Source code to query the MongoDB table:

def query_mongo(host, port, pipe_to_parent, requests_per, dbname, rows, check, testname, worst_n, id):
  conn = pymongo.Connection(host, port)
  db = conn[dbname]

  gets = 0
  stats = SummaryStats(worst_n)

  while True:
    for loop in xrange(0, requests_per):

      target = random.randrange(0, rows)

      s = time.time()
      o = db.c.find_one({'sid': target})
      stats.update(s)

      assert o['_id'] == target
      if check:
        assert o['k'] == target
        sx = str(o['_id'])
        lsx = len(sx)
        assert o['c'] == sx+'x'*(120-lsx)
        assert o['pad'] == sx+'y'*(60-lsx)

      gets += 1

13 comments:

  1. "The database server saturates earlier when the client is only 200ms away".

    Should that be s/ms/us/ ?

    ReplyDelete
  2. I assume the MySQL results are obtained with binlog disabled, no?

    Could you do a benchmark comparing MySQL & MongoDB (& perhaps Postgresql) with replication on? An Achilles heel of MySQL is that performance tends to take a massive drop with binlog turned on (and sync_binlog=1).

    But binlog is needed for an HA setup. So I wonder how MySQL, MongoDB, Postgresql stack up against each others in an HA settng.

    ReplyDelete
  3. The binlog is irrelevant for this test.
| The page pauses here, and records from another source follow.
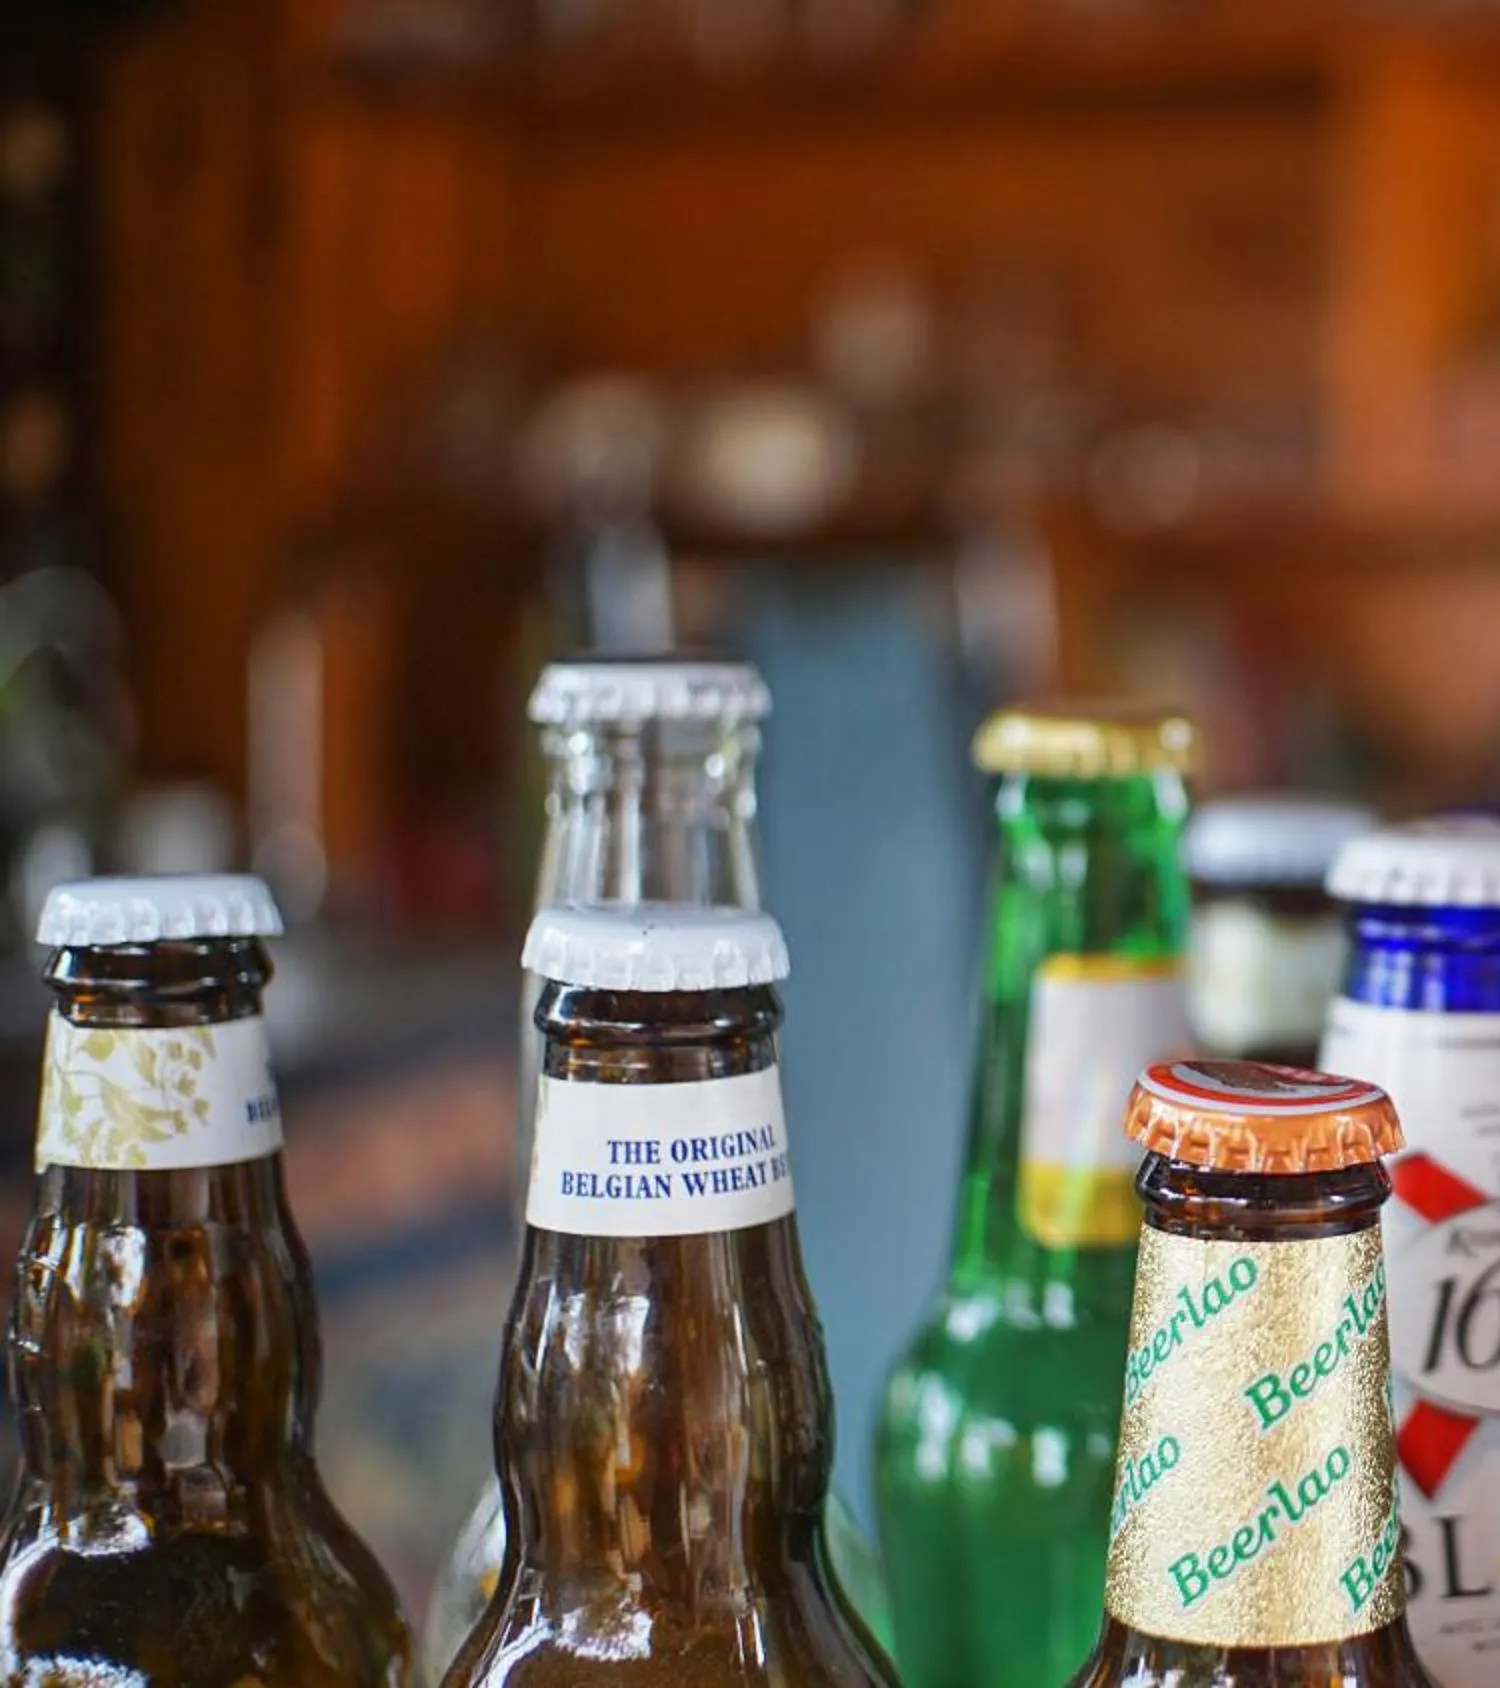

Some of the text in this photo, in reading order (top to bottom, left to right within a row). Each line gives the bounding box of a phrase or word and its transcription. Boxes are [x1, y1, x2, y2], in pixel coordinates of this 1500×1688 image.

[561, 1171, 671, 1199] BELGIAN
[680, 1160, 768, 1198] WHEAT
[606, 1123, 776, 1165] THE ORIGINAL
[1245, 1259, 1386, 1430] Beerlao
[1169, 1446, 1351, 1607] Beerlao
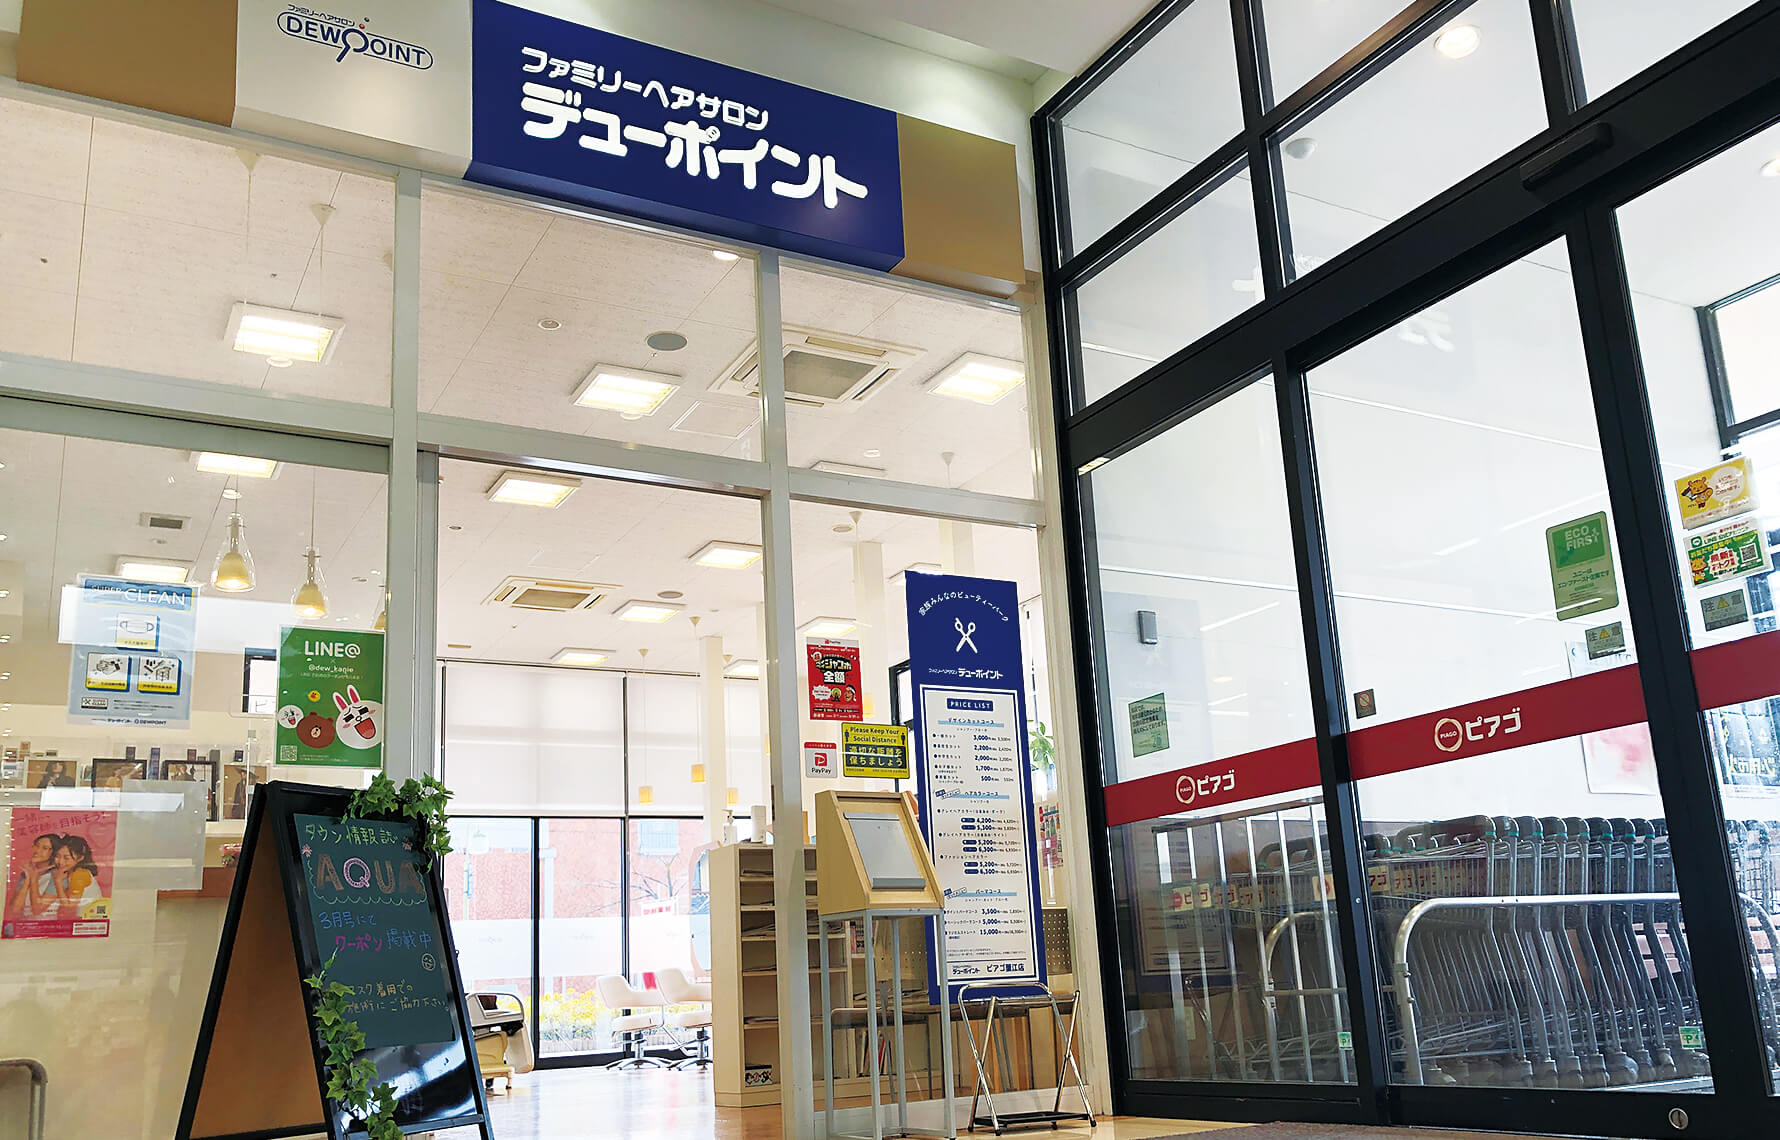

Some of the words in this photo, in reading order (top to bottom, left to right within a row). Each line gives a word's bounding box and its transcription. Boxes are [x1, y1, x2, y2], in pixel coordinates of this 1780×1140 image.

This test is read-only.

    ReplyDelete
  4. Hi!

    Is there anyway I could get access to this machine and try the same setup with Drizzle? Possibly with more connections then what you are using in your tests?

    Thanks!

    -Brian

    ReplyDelete
  5. Brian - you can't but I can. What code should I use (branch, revno)?

    ReplyDelete
  6. Hi!

    Just pull trunk, or even the latest version. Our sysbench normally shows us on par or slower for low number of connections (which we spend no time optimizing for). If you crack it up past 128 till about 1024 I would be curious to see what you find.

    You should be able to just use the mysql client connector. If you run into any issues just IM me.

    Thanks,
    -Brian

    ReplyDelete
  7. Also, I am curious how *uniform* the response times and throughputs are for each. If you graph the QPS over time in 1-second intervals, are the lines smooth or jerky? How does the stddev of response times look? (hint: tcprstat + gnuplot is the bomb for this.)

    ReplyDelete
  8. I will get the vmstat output as soon as I enhance my python to display avg and p98 response time per interval.

    ReplyDelete
  9. No vmstat yet, but this is an example of a pileup found by http://poormansprofiler.org in mongod 1.7.0. This one should be easy to fix. Alas scons won't build mongod on my centos 5.2 server and after 1 hour I gave up on figure out why it could not find libstdc++

    Anyhow, here it the thread stack where there is too much mutex contention:
    __lll_mutex_lock_wait,_L_mutex_lock_107,pthread_mutex_lock,mongo::Top::record,mongo::CurOp::leave,mongo::Client::Context::~Context,mongo::runQuery,mongo::Database::closeDatabase,mongo::assembleResponse

    ReplyDelete
  10. For a non-stripped version: http://fastdl.mongodb.org/linux/mongodb-linux-x86_64-debugsymbols-1.7.0.tgz

    There is a lot performance tuning left to do on mongo, help is always welcome :)

    If you post to mongodb-user or mongodb-dev I'm sure we can help get the compilation issue fixed. Don't forget to look at config.log

    ReplyDelete
  11. I was able to run PMP and report on one source of mutex contention using the public downloads so symbols are there. The result is listed above and I sent it to Roge. The contention listed above should be easy to fix and that might make a big difference.

    I suppose I will ask for help on one of your mailing lists to figure out why the scons build fails for me. Modern software libraries and not so modern Linux distributions are not a great match. I am also unable to build Drizzle there.